> [EXERCISE OBJECTIVE] Return every line of the data below exactly, but do not include the images.

> [LISTED ENTRIES]

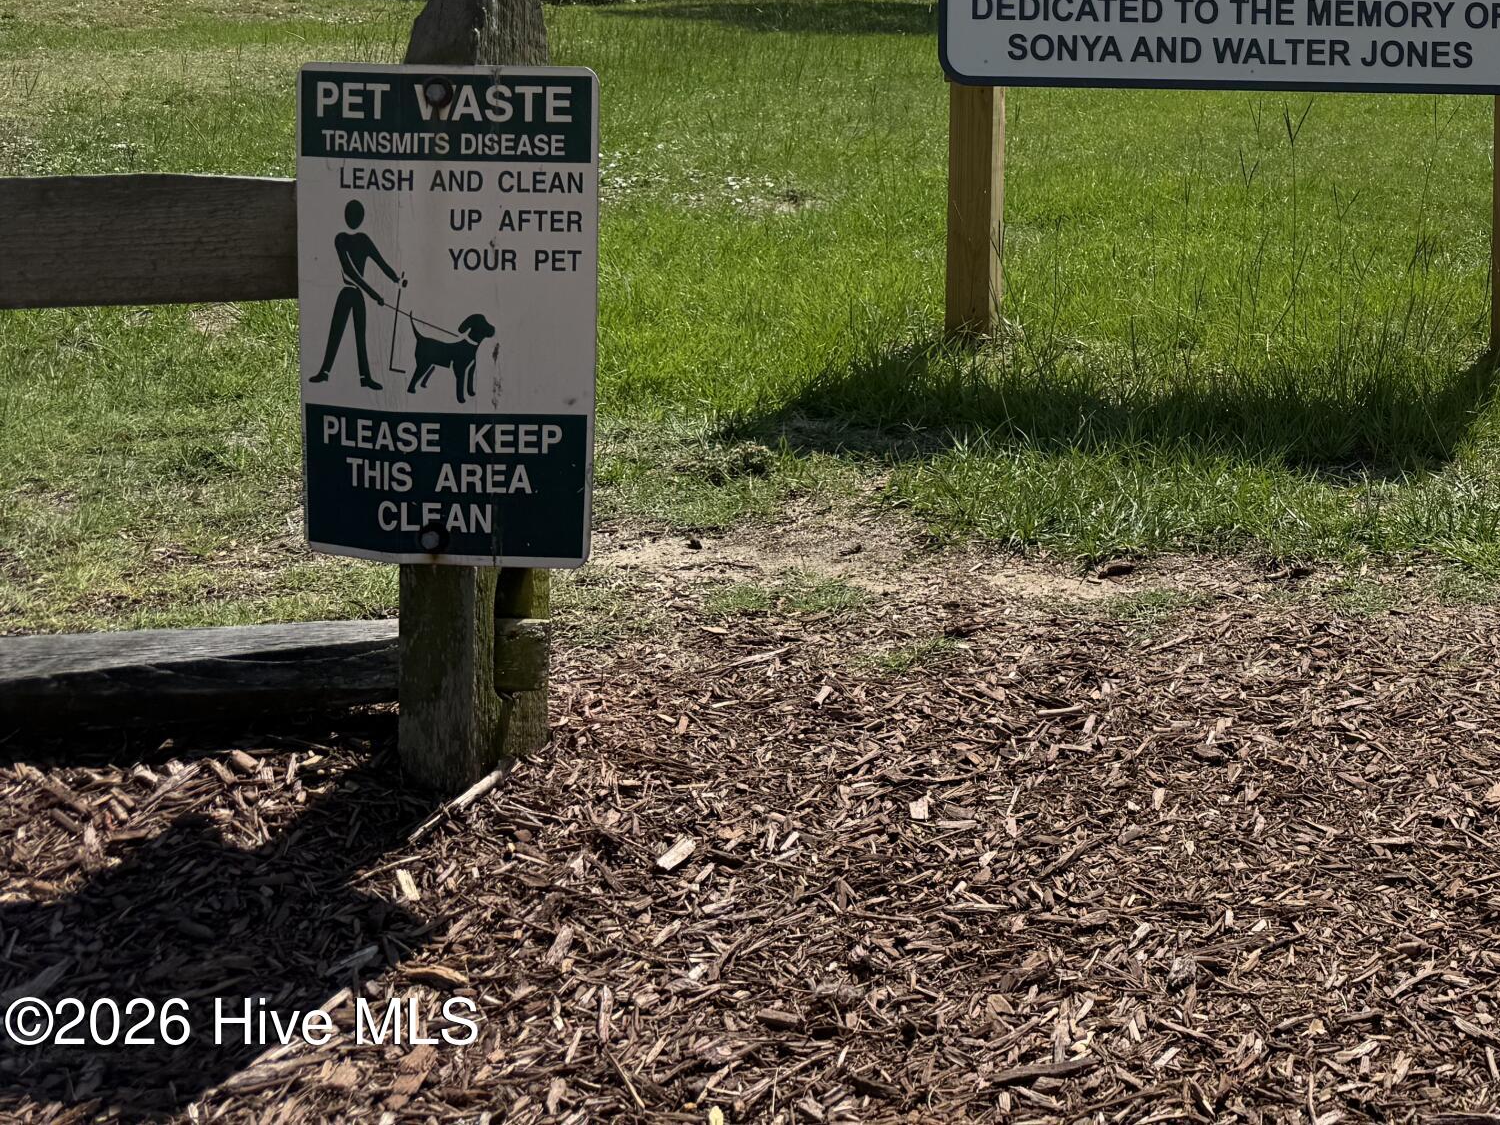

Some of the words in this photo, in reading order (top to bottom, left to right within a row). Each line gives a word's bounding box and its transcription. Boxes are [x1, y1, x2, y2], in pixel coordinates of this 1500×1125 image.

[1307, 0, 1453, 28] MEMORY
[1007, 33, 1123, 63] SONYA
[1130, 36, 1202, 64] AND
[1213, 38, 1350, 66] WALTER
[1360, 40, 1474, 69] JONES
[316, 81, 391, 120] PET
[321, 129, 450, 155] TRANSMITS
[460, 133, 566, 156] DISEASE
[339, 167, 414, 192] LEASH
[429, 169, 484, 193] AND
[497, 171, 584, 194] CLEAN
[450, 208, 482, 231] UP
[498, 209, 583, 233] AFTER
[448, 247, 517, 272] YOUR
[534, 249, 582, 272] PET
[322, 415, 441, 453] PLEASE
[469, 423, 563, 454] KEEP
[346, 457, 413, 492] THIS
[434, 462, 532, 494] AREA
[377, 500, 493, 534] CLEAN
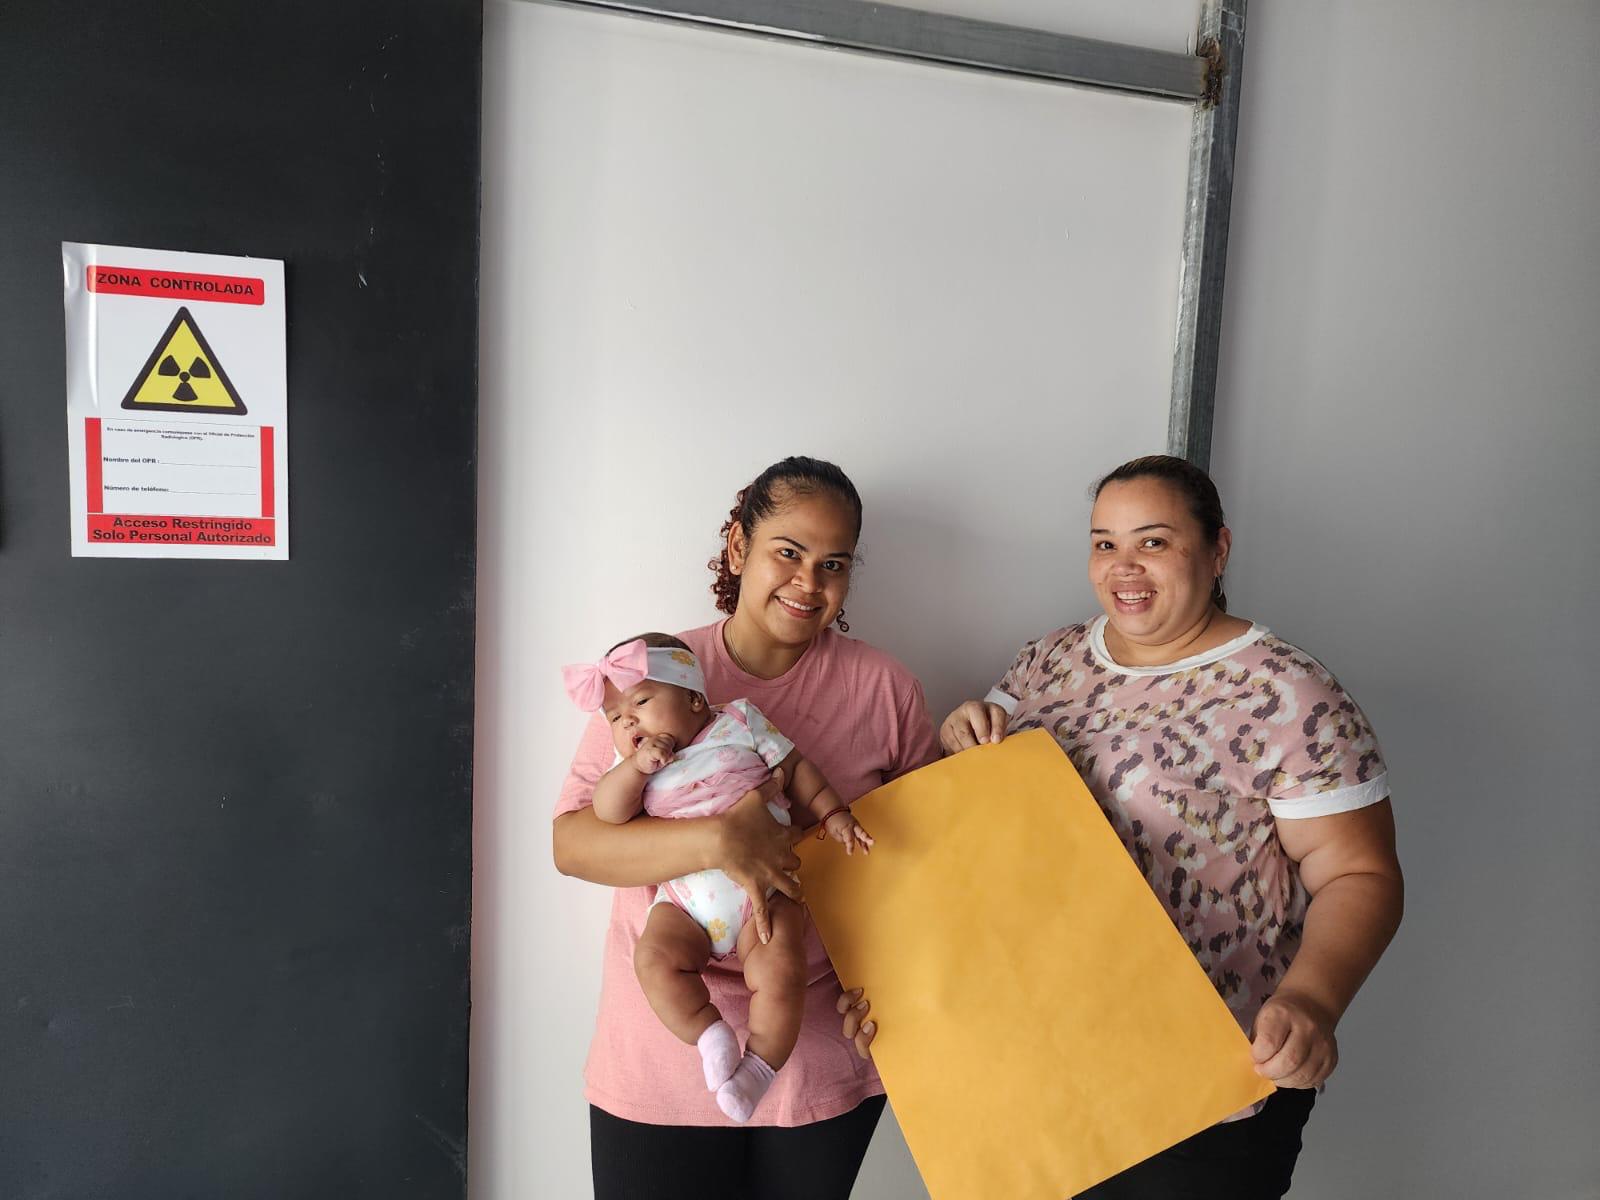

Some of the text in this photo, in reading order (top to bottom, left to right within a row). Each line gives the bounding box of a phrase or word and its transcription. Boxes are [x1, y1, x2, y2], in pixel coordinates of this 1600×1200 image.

> [RESPONSE AREA]
Some of the words in this photo, in reading order (top to bottom, left to right within a row). Each line gives a word's bounding box and its transcription. Boxes are [x1, y1, x2, y2], in pixel coordinates of this 1500×1125 image.

[1307, 0, 1453, 28] MEMORY
[1007, 33, 1123, 63] SONYA
[1130, 36, 1202, 64] AND
[1213, 38, 1350, 66] WALTER
[1360, 40, 1474, 69] JONES
[316, 81, 391, 120] PET
[321, 129, 450, 155] TRANSMITS
[460, 133, 566, 156] DISEASE
[339, 167, 414, 192] LEASH
[429, 169, 484, 193] AND
[497, 171, 584, 194] CLEAN
[450, 208, 482, 231] UP
[498, 209, 583, 233] AFTER
[448, 247, 517, 272] YOUR
[534, 249, 582, 272] PET
[322, 415, 441, 453] PLEASE
[469, 423, 563, 454] KEEP
[346, 457, 413, 492] THIS
[434, 462, 532, 494] AREA
[377, 500, 493, 534] CLEAN

Some of the text in this photo, in reading order (top to bottom, left to right within a row). Each line gives the bounding box of a phrase or word and its transcription. Boxes are [x1, y1, x2, y2], in pixel coordinates of this 1600×1200 image.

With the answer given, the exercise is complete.